By Shauna Stephenson

Our story this week begins with a tiny life-form invisible to the naked eye.

Its name is Thermus aquaticus, a small bacterium originally found in hot springs at Yellowstone National Park.

A small worm-like structure, it thrives at about 160 degrees Fahrenheit, using things like methane, hydrogen gas or hydrogen sulfide rather than sunlight for energy. It's a member of the kingdom of microbes that first evolved on this planet about 3.5 billion years ago, a kingdom so immense scientists only have an inkling of its possibilities.

It is a strange sounding bugger, but an important one.

Despite archaic beginnings, Thermus aquaticus holds the key to a chain of events that brings us to a very modern conundrum involving the national park, an arduous lawsuit brought by groups of conservationists, a pending release of a much-awaited Environmental Impact Statement and a story known to some as "the great Taq rip-off."

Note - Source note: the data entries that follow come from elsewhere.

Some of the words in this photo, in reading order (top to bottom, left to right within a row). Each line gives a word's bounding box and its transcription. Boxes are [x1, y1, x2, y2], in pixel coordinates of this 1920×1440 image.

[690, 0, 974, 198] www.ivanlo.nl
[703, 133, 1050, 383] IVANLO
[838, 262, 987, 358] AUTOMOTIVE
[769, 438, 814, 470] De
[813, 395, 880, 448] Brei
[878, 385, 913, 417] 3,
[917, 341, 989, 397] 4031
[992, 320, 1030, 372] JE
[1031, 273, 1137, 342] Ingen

Let's start where all good stories do - at the beginning.

Where it all began

In 1966, Thomas Brock, a Ph.D. at Indiana University, and Hudson Freeze, an undergraduate student, were conducting research at Yellowstone National Park.

Brock and Freeze were interested in thermophiles and collected pink bacteria and small samples of mats from the outflow channel of Mushroom Spring.

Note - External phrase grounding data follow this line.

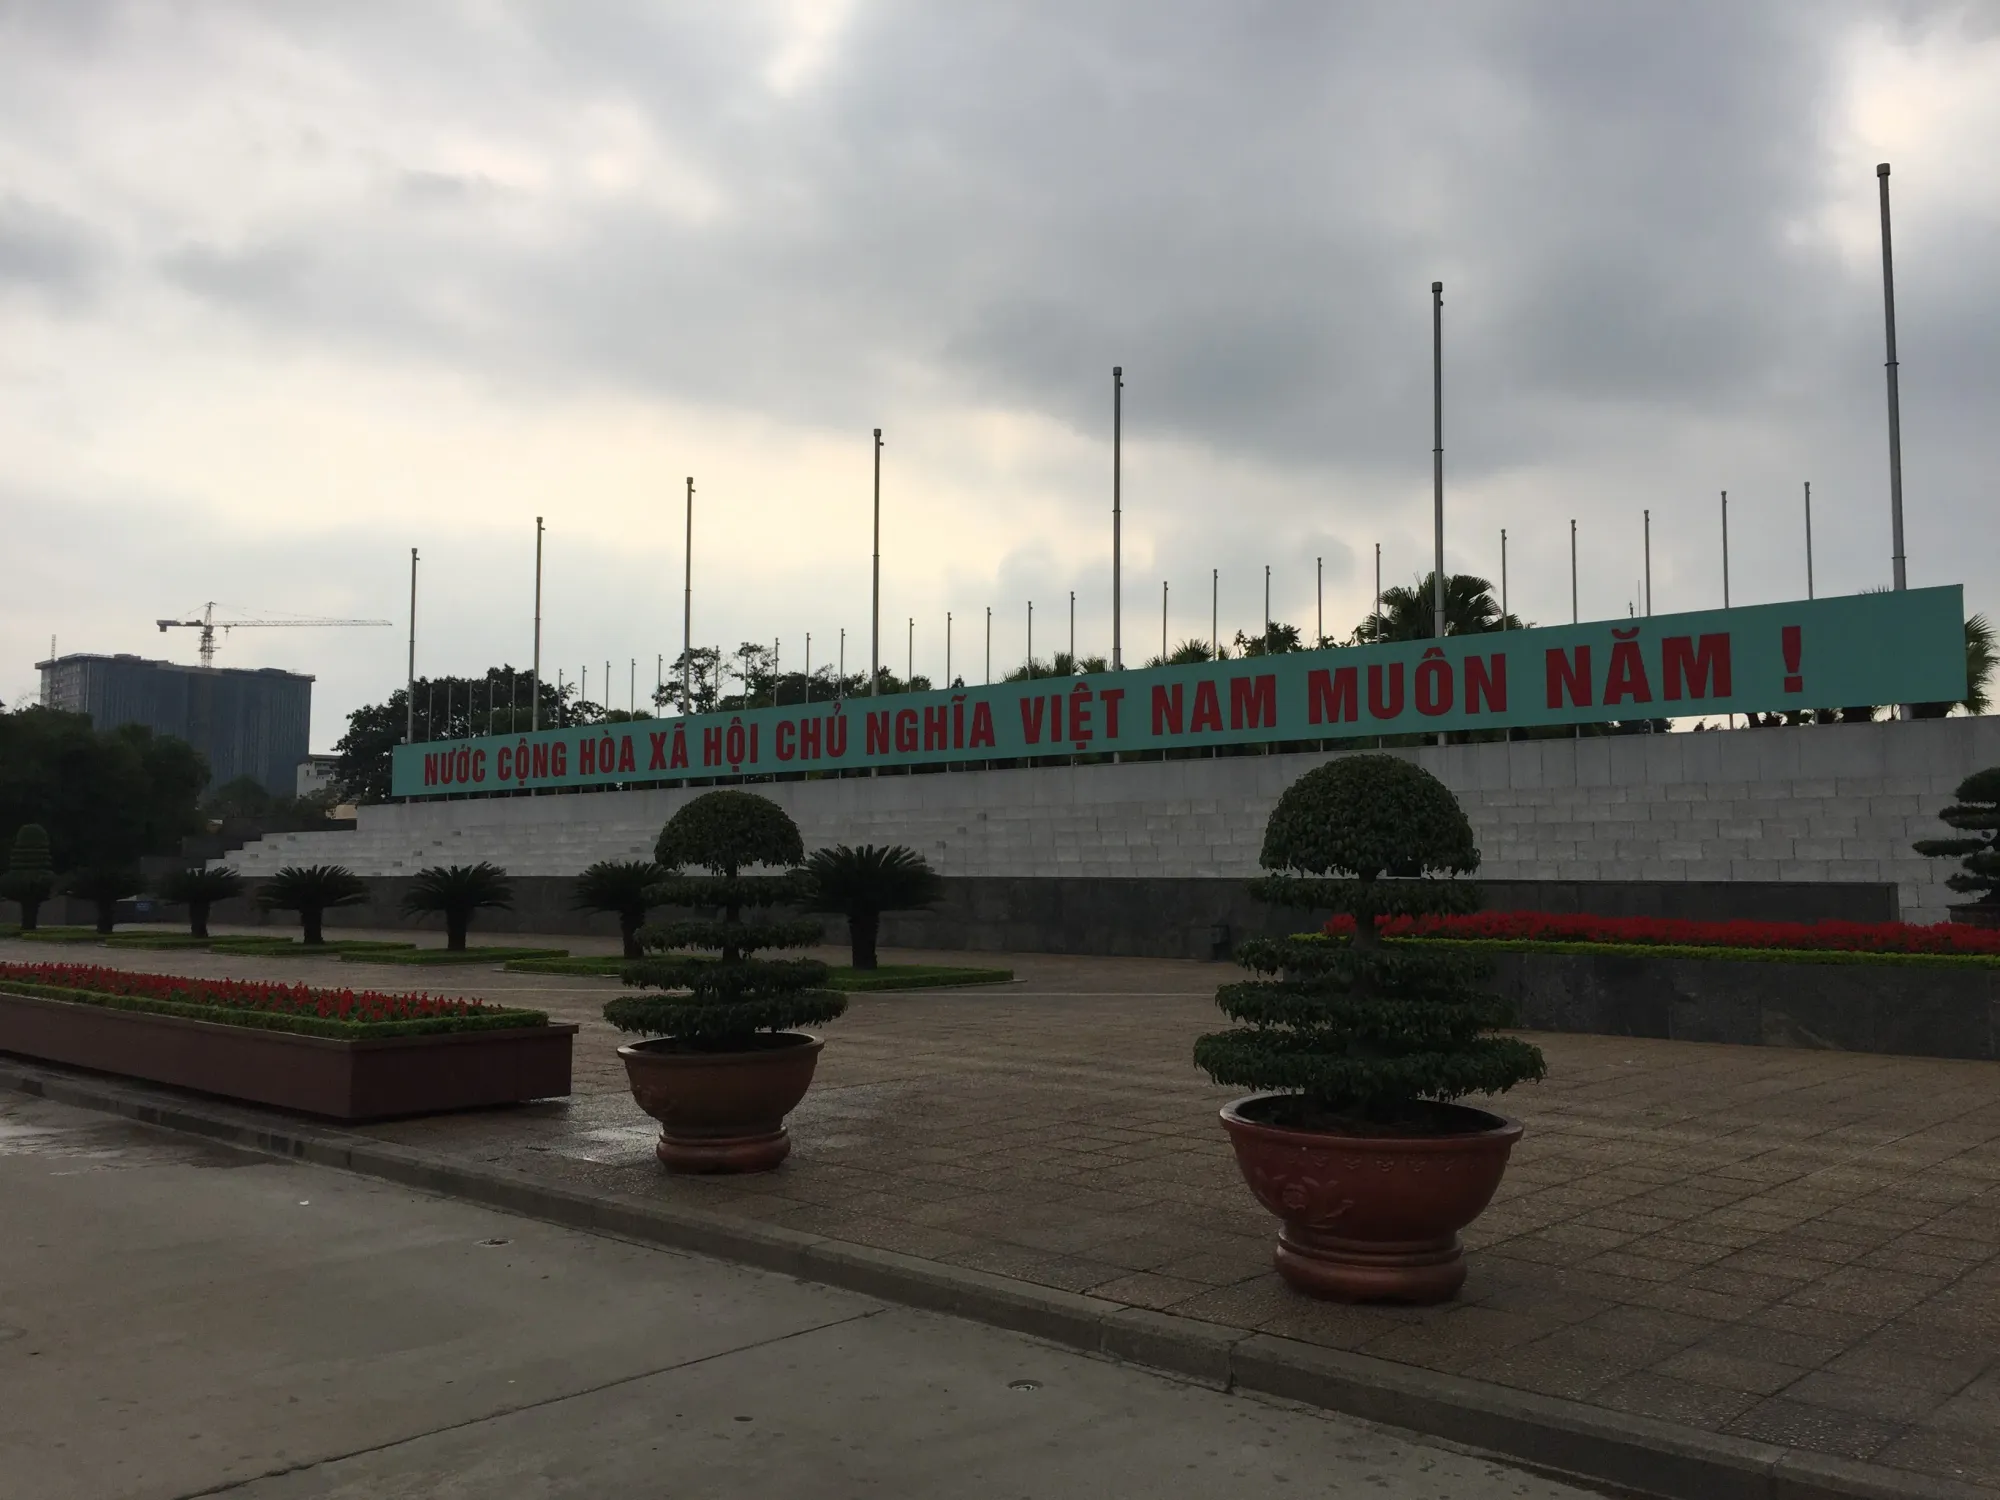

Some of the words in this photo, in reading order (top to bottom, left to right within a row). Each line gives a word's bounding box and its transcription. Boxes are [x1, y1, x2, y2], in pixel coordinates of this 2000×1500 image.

[424, 742, 486, 786] NƯỚC
[497, 737, 567, 787] CỘNG
[579, 729, 636, 775] HÒA
[649, 722, 689, 770] XÃ
[703, 716, 758, 773] HỘI
[775, 702, 847, 761] CHỦ
[866, 694, 996, 755] NGHĨA
[1020, 682, 1125, 751] VIỆT
[1151, 674, 1277, 736] NAM
[1307, 647, 1508, 725] MUÔN
[1545, 627, 1733, 709] NĂM
[1781, 625, 1803, 693] !

Later that fall, Freeze isolated a strain from the bacteria, and he and Brock published a paper naming the organism Thermus aquaticus, also known as Taq. The paper was a scientific milestone, proving that organisms could live at higher temperatures.

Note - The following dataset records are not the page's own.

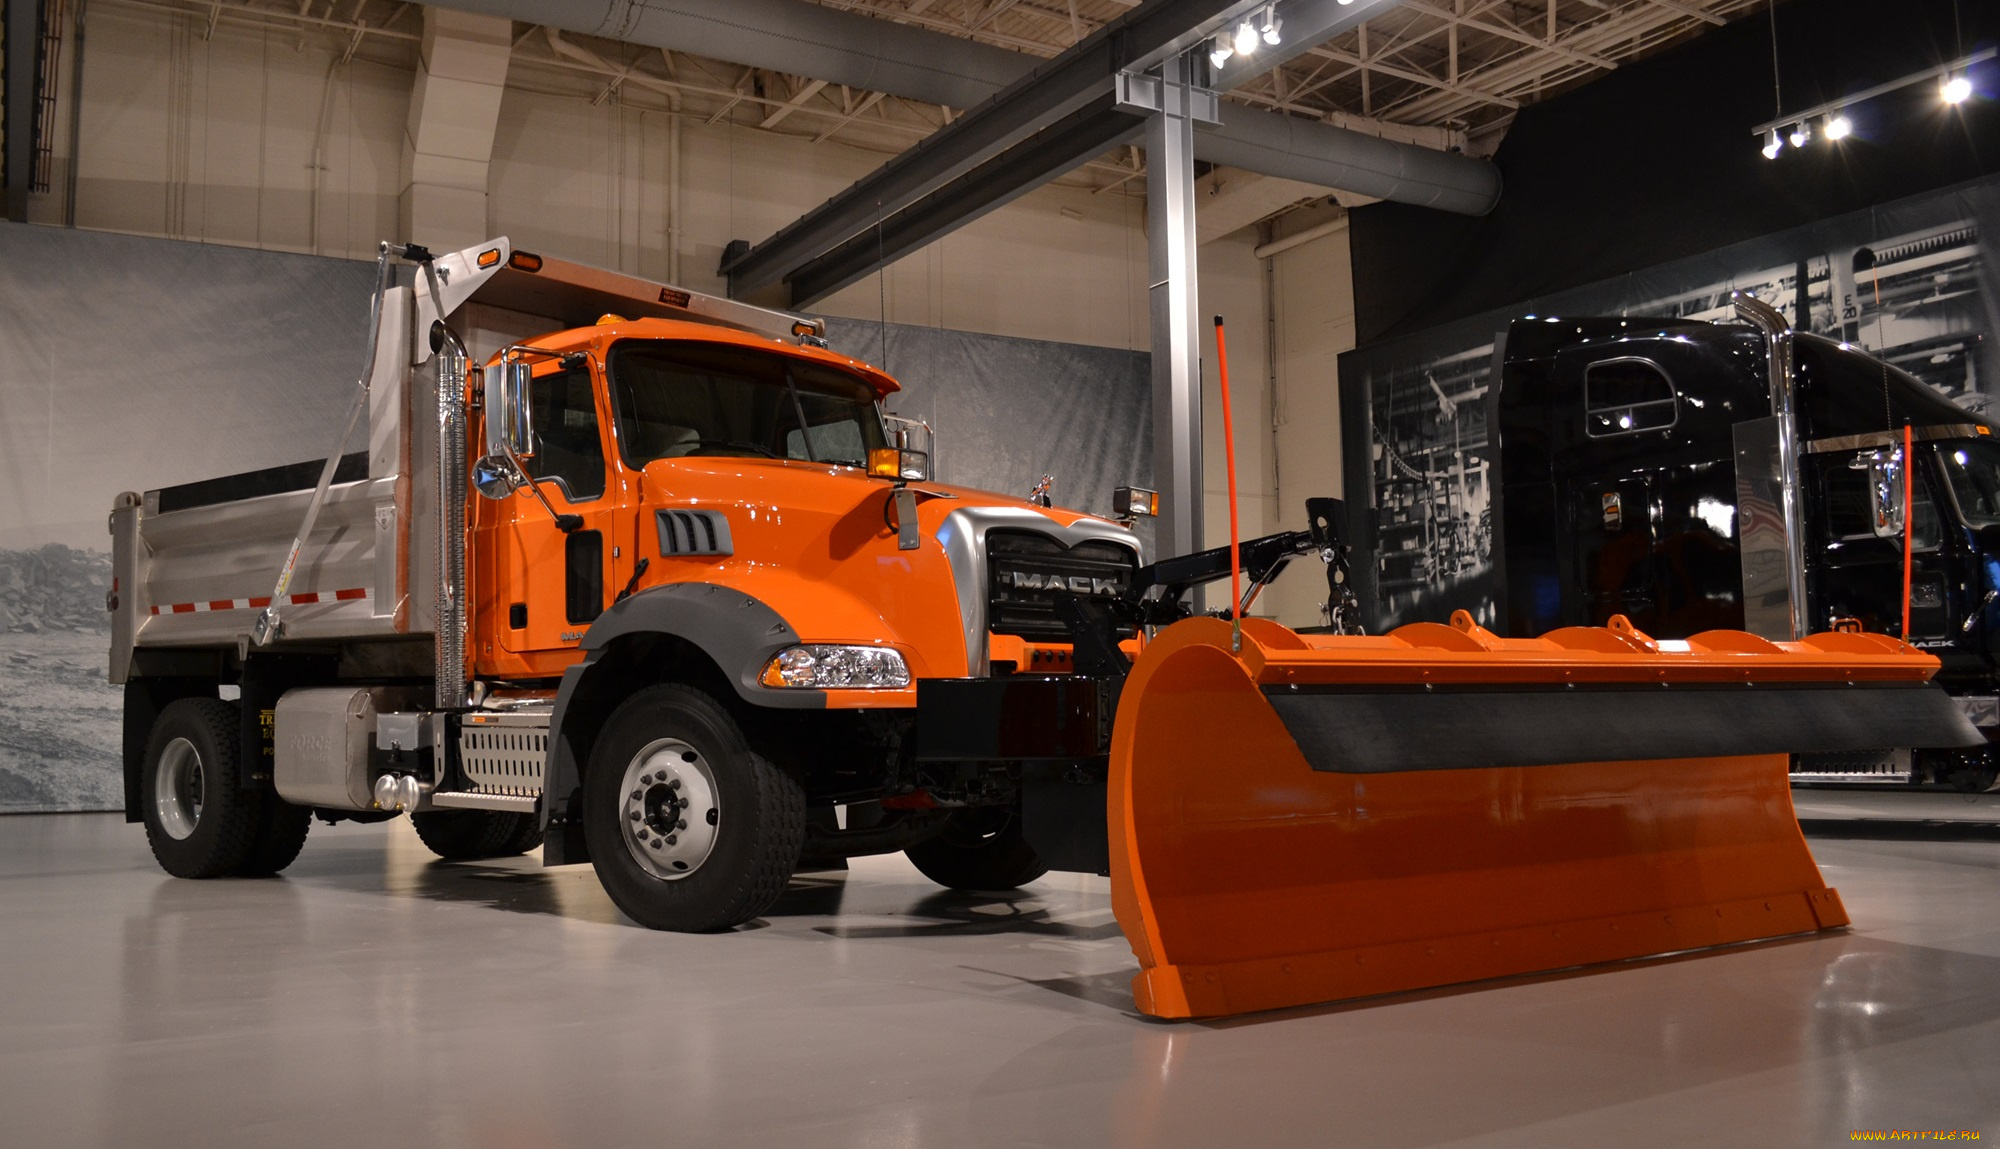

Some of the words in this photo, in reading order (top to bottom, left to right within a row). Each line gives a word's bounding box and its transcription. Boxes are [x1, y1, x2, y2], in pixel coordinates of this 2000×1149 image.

[1844, 294, 1852, 306] E
[1842, 306, 1857, 320] 20
[1013, 571, 1117, 596] MACK
[561, 631, 584, 640] MA
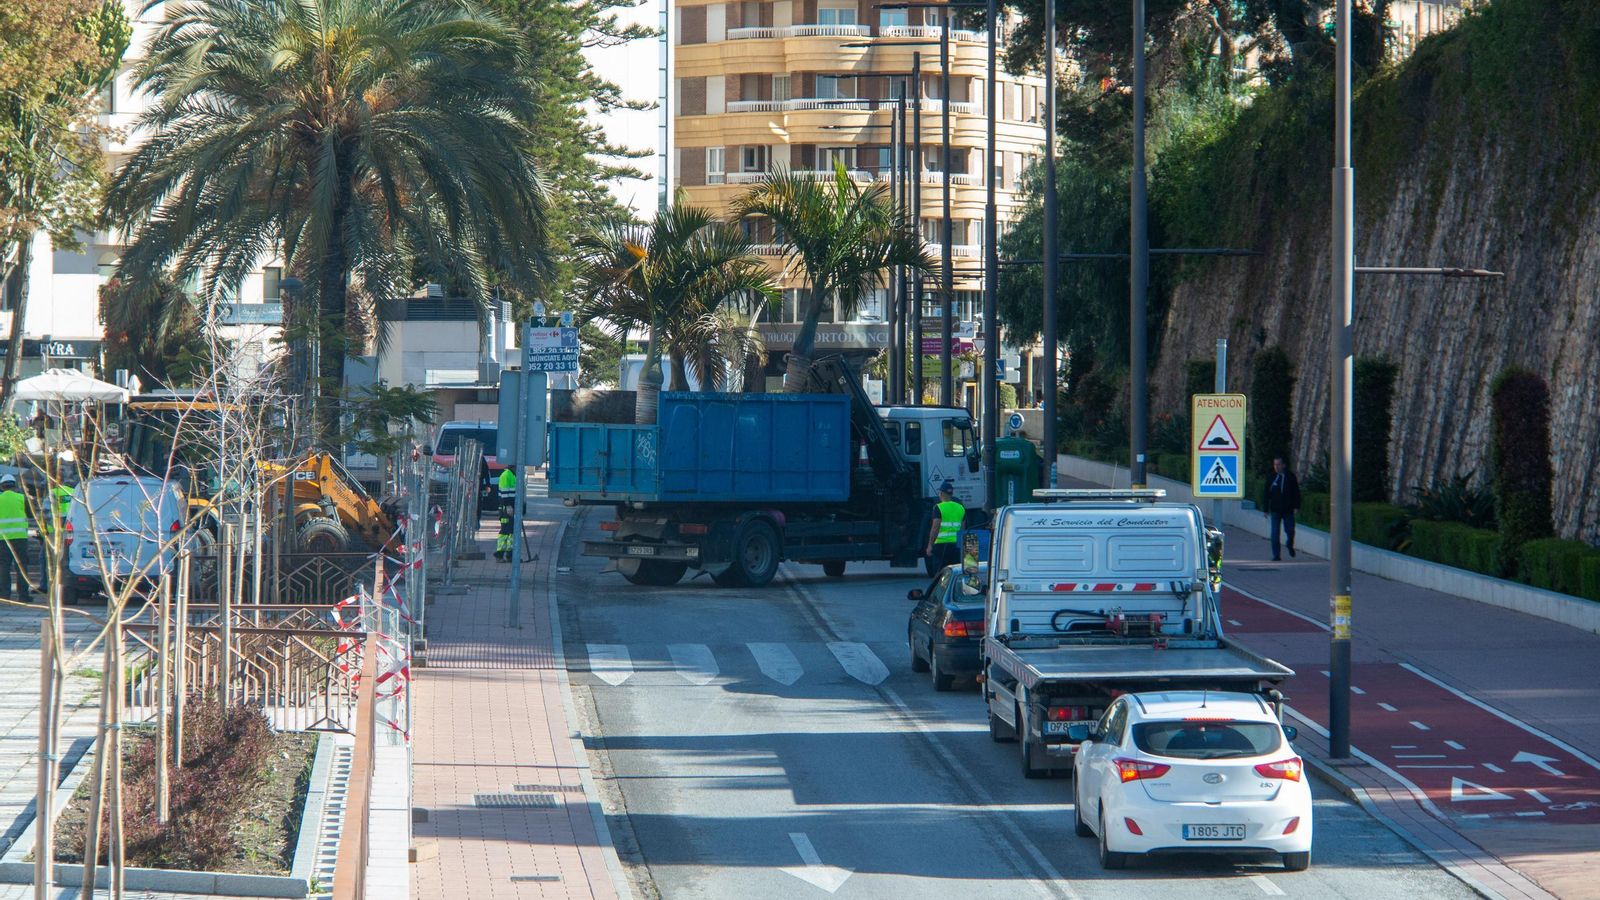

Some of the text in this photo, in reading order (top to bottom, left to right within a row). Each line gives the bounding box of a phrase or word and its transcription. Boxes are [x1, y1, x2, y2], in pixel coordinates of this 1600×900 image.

[543, 362, 554, 370] 20
[555, 362, 566, 370] 33
[567, 361, 577, 369] 10
[1197, 398, 1243, 408] ATENCIÓN
[1051, 518, 1093, 526] Servicio
[1097, 518, 1113, 526] del
[1192, 827, 1244, 837] 1805 JTC

The cultures of Taq were deposited in the American Type Culture Collection in Washington D.C., a sort of savings account for biological materials.

Almost 20 years later, Kary Mullis, a researcher for the American company Cetus Corporation, invented a procedure that sped up the replication of DNA, a process named polymerase chain reaction, or PCR. Prior to that, DNA amplification was slow because the materials couldn't tolerate the heat required.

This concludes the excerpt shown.